GIVEN INFORMATION ▸
■ ■ ■
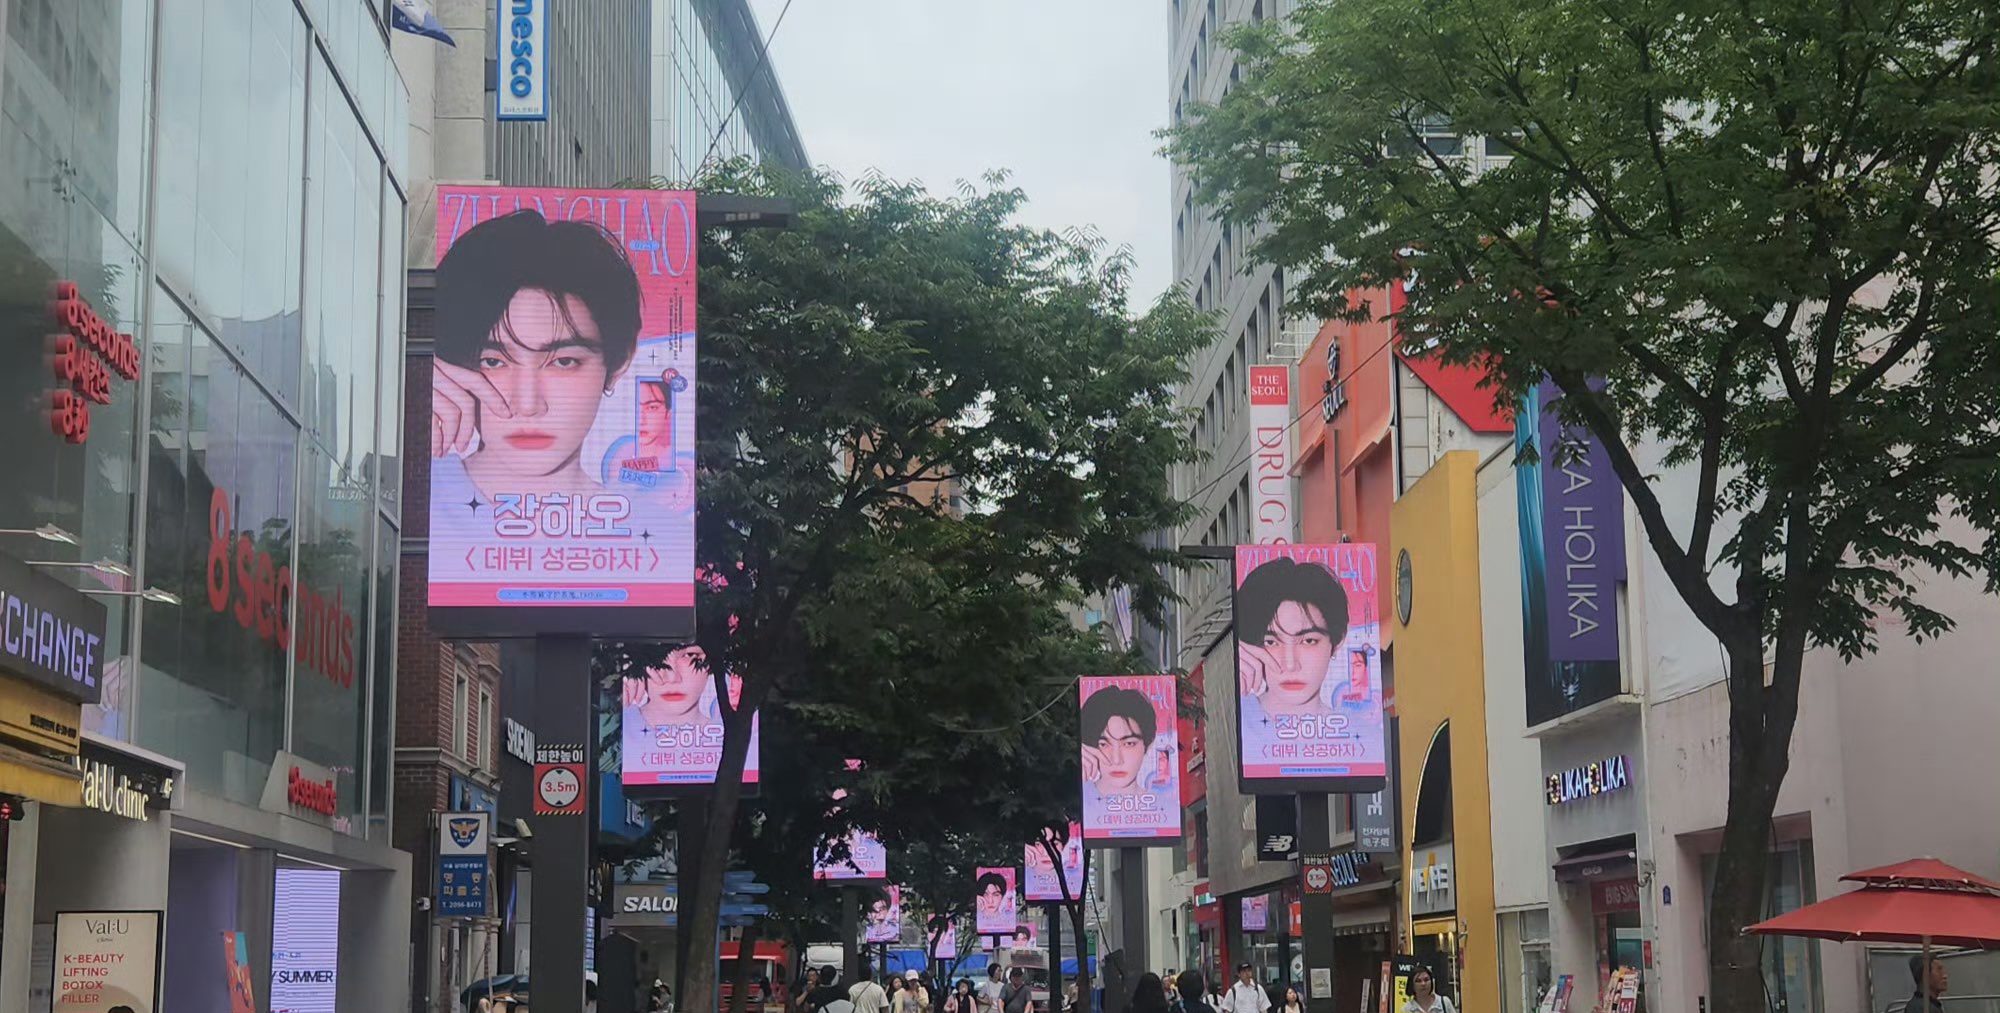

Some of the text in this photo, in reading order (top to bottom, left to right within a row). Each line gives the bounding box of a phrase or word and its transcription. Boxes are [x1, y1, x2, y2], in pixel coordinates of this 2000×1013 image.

[56, 281, 141, 382] 8seconds
[1256, 374, 1280, 385] THE
[1251, 386, 1287, 397] SEOUL
[1256, 424, 1288, 544] DRUG
[494, 492, 633, 540] 장하오
[483, 546, 643, 573] 데뷔 성공하자
[1562, 506, 1600, 639] HOLIKA
[207, 486, 354, 690] 8seconds
[0, 590, 100, 688] CHANGE
[1275, 713, 1350, 740] 장하오
[655, 723, 725, 748] 장하오
[536, 750, 583, 763] 제한높이
[651, 752, 723, 765] 데뷔 성공하
[1272, 744, 1356, 758] 데뷔 성공하자
[545, 781, 577, 793] 3.5m
[115, 774, 149, 822] clinic
[623, 896, 678, 912] SALO
[86, 918, 129, 936] Val:U
[63, 953, 124, 965] K-BEAUTY
[63, 967, 109, 978] LIFTING
[278, 970, 333, 983] SUMMER
[62, 981, 103, 991] BOTOX
[61, 994, 100, 1004] FILLER
■ ■ ■
Without any pictures, print the whole listing again exactly as it stands.

Some of the text in this photo, in reading order (top to bottom, left to right within a row). Each line gives the bounding box of a phrase or word and its transcription. Boxes are [x1, y1, x2, y2], in pixel coordinates of this 2000×1013 image.

[56, 281, 141, 382] 8seconds
[1256, 374, 1280, 385] THE
[1251, 386, 1287, 397] SEOUL
[1256, 424, 1288, 544] DRUG
[494, 492, 633, 540] 장하오
[483, 546, 643, 573] 데뷔 성공하자
[1562, 506, 1600, 639] HOLIKA
[207, 486, 354, 690] 8seconds
[0, 590, 100, 688] CHANGE
[1275, 713, 1350, 740] 장하오
[655, 723, 725, 748] 장하오
[536, 750, 583, 763] 제한높이
[651, 752, 723, 765] 데뷔 성공하
[1272, 744, 1356, 758] 데뷔 성공하자
[545, 781, 577, 793] 3.5m
[115, 774, 149, 822] clinic
[623, 896, 678, 912] SALO
[86, 918, 129, 936] Val:U
[63, 953, 124, 965] K-BEAUTY
[63, 967, 109, 978] LIFTING
[278, 970, 333, 983] SUMMER
[62, 981, 103, 991] BOTOX
[61, 994, 100, 1004] FILLER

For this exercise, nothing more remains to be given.